Voles and bulbs do not mix well. When I first planted my garden over a decade ago, I didn’t have a vole problem. But in more recent years, my property has become the Las Vegas Strip of rodents. I don’t know what I did to anger the garden gods, but it must have been bad because this plague of furry pseudo-hamsters has been epic. One of the first tip-offs I had voles was that my tulips started to disappear.
My limited tulip collection was concentrated in an area close to the house (and away from the deer’s prying eyes), so it was fairly obvious when one year the tulips simply evaporated. Then the veronica in the same area started looking peaked, and I discovered that its entire root system had been sheared off. I’ve tried various strategies over the years to populate this particular stretch of vole superhighway, such as planting new bulbs with pea gravel or encasing bigger plants in metal mesh bags. The only thing that worked was planting vole-resistant things like euphorbia and grape hyacinth. But I really miss my tulips.

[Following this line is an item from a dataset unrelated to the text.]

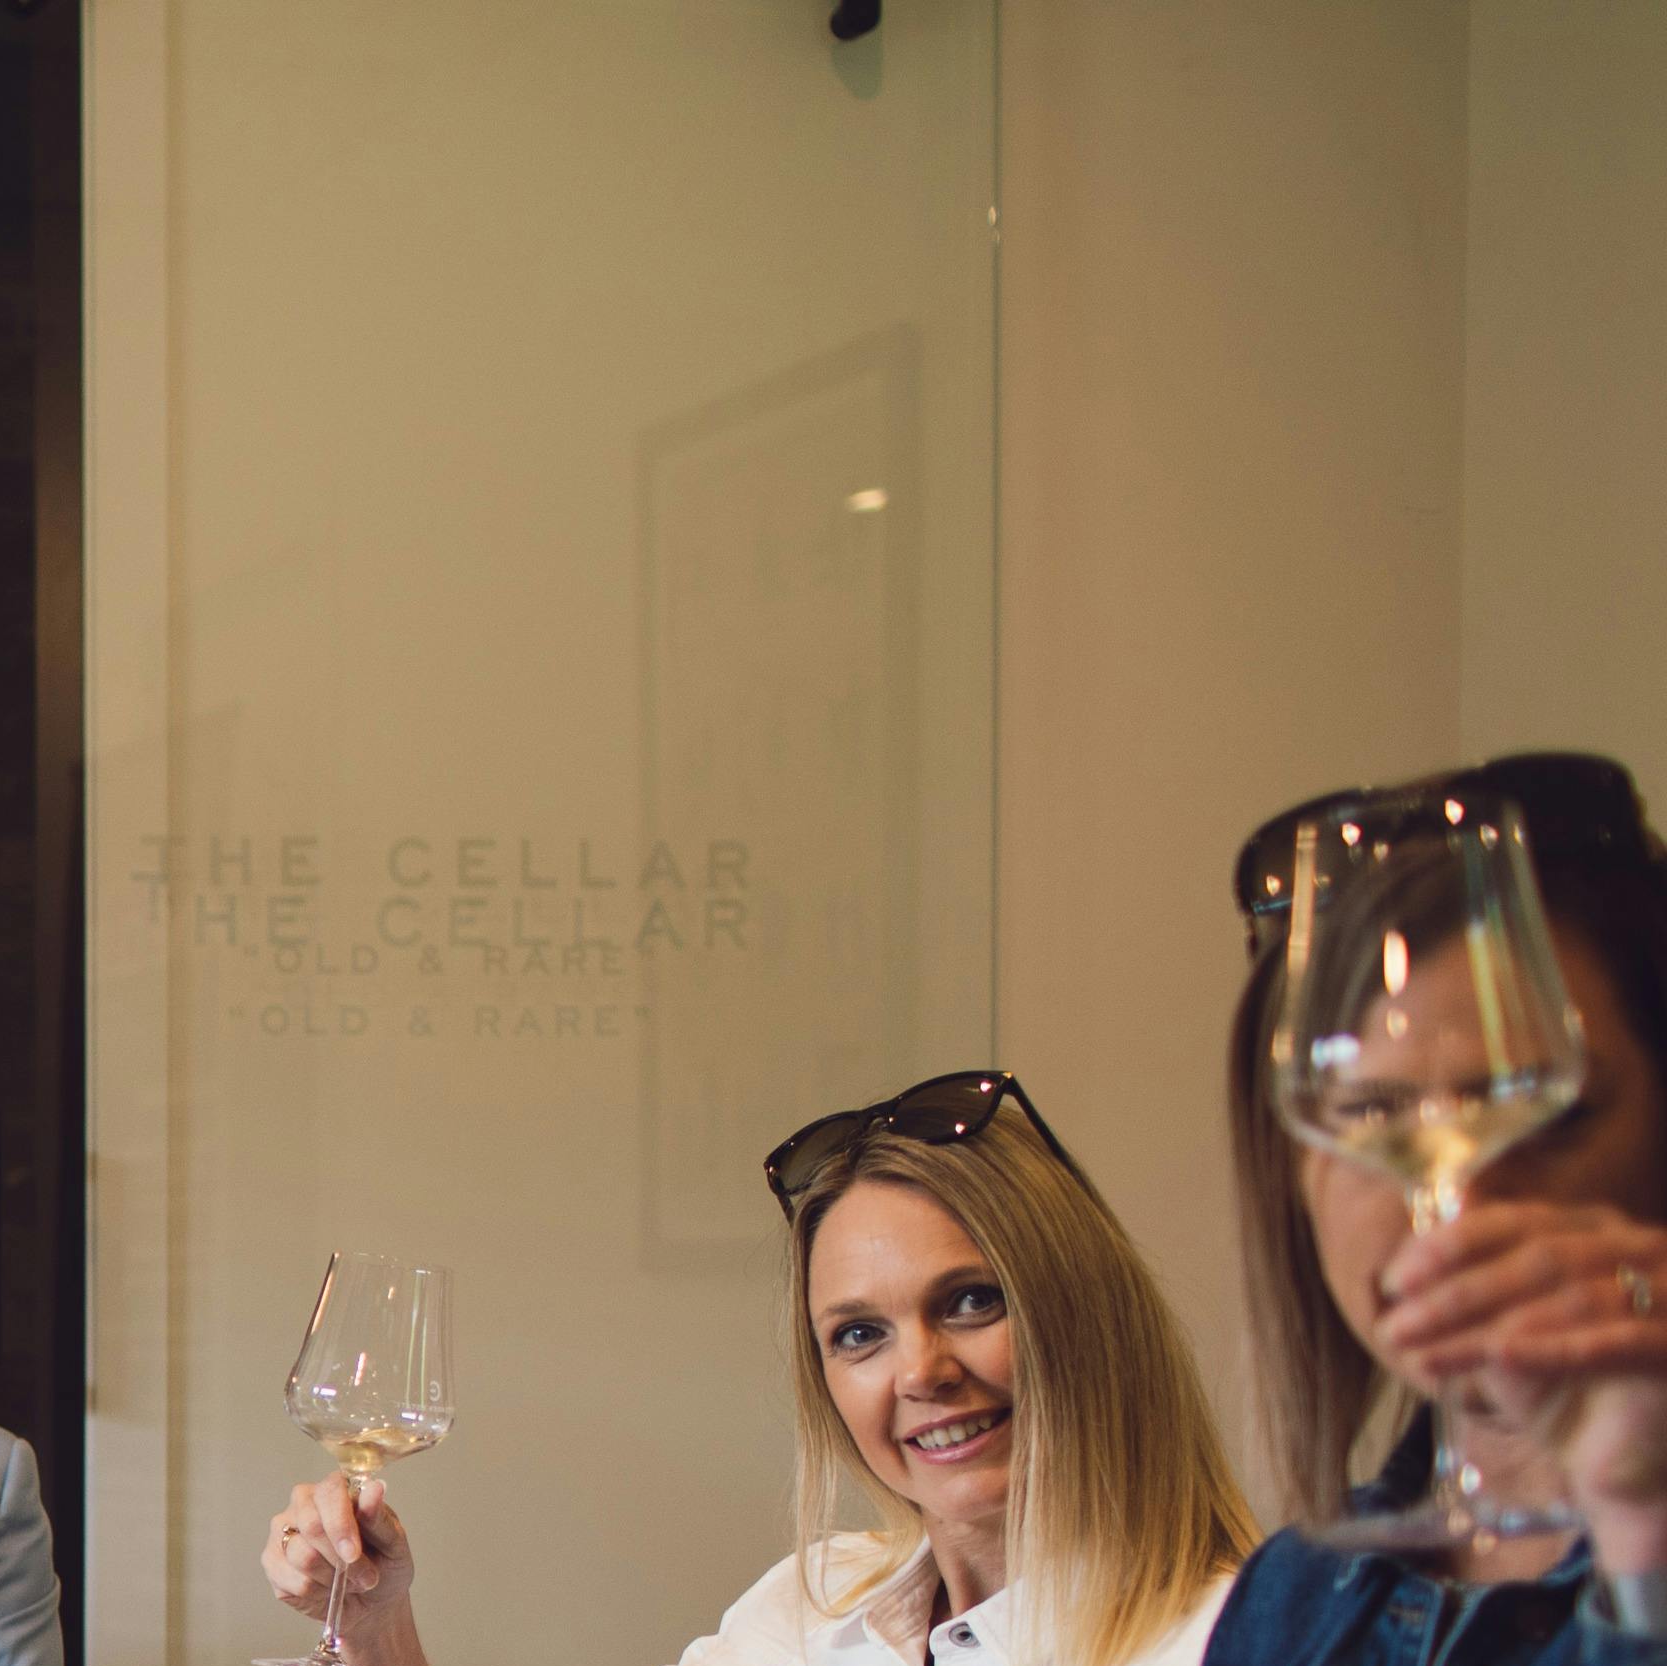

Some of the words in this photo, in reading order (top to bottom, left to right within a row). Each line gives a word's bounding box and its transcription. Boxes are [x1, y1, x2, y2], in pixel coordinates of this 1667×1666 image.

A few years ago when the vole population seemed to be declining a bit, I decided to roll the dice again and invest in some species tulips. I told myself that perhaps these wild versions were tougher and better able to withstand an onslaught from the vole army. And you know something? They were. Now this is likely a complete fluke, and I did take some prevention measures, such as planting the new bulbs with crushed oyster shells (as Tovah Martin suggests in her article “Get to Know Species Tulips,”) and siting them among a sea of euphorbia. But whatever the reason, I got to enjoy a tulip show for the first time in years. It would be wishful thinking (or false advertising) to say that species tulips are more rodent resistant than their hybrid counterparts. However, I thought my story might serve as inspiration for anyone out there who thinks they are out of the tulip game completely because of their garden pest problems. Sometimes gardening is a gamble. In my case, I placed a $10 bet on bulbs and this time the house—I mean the voles—lost.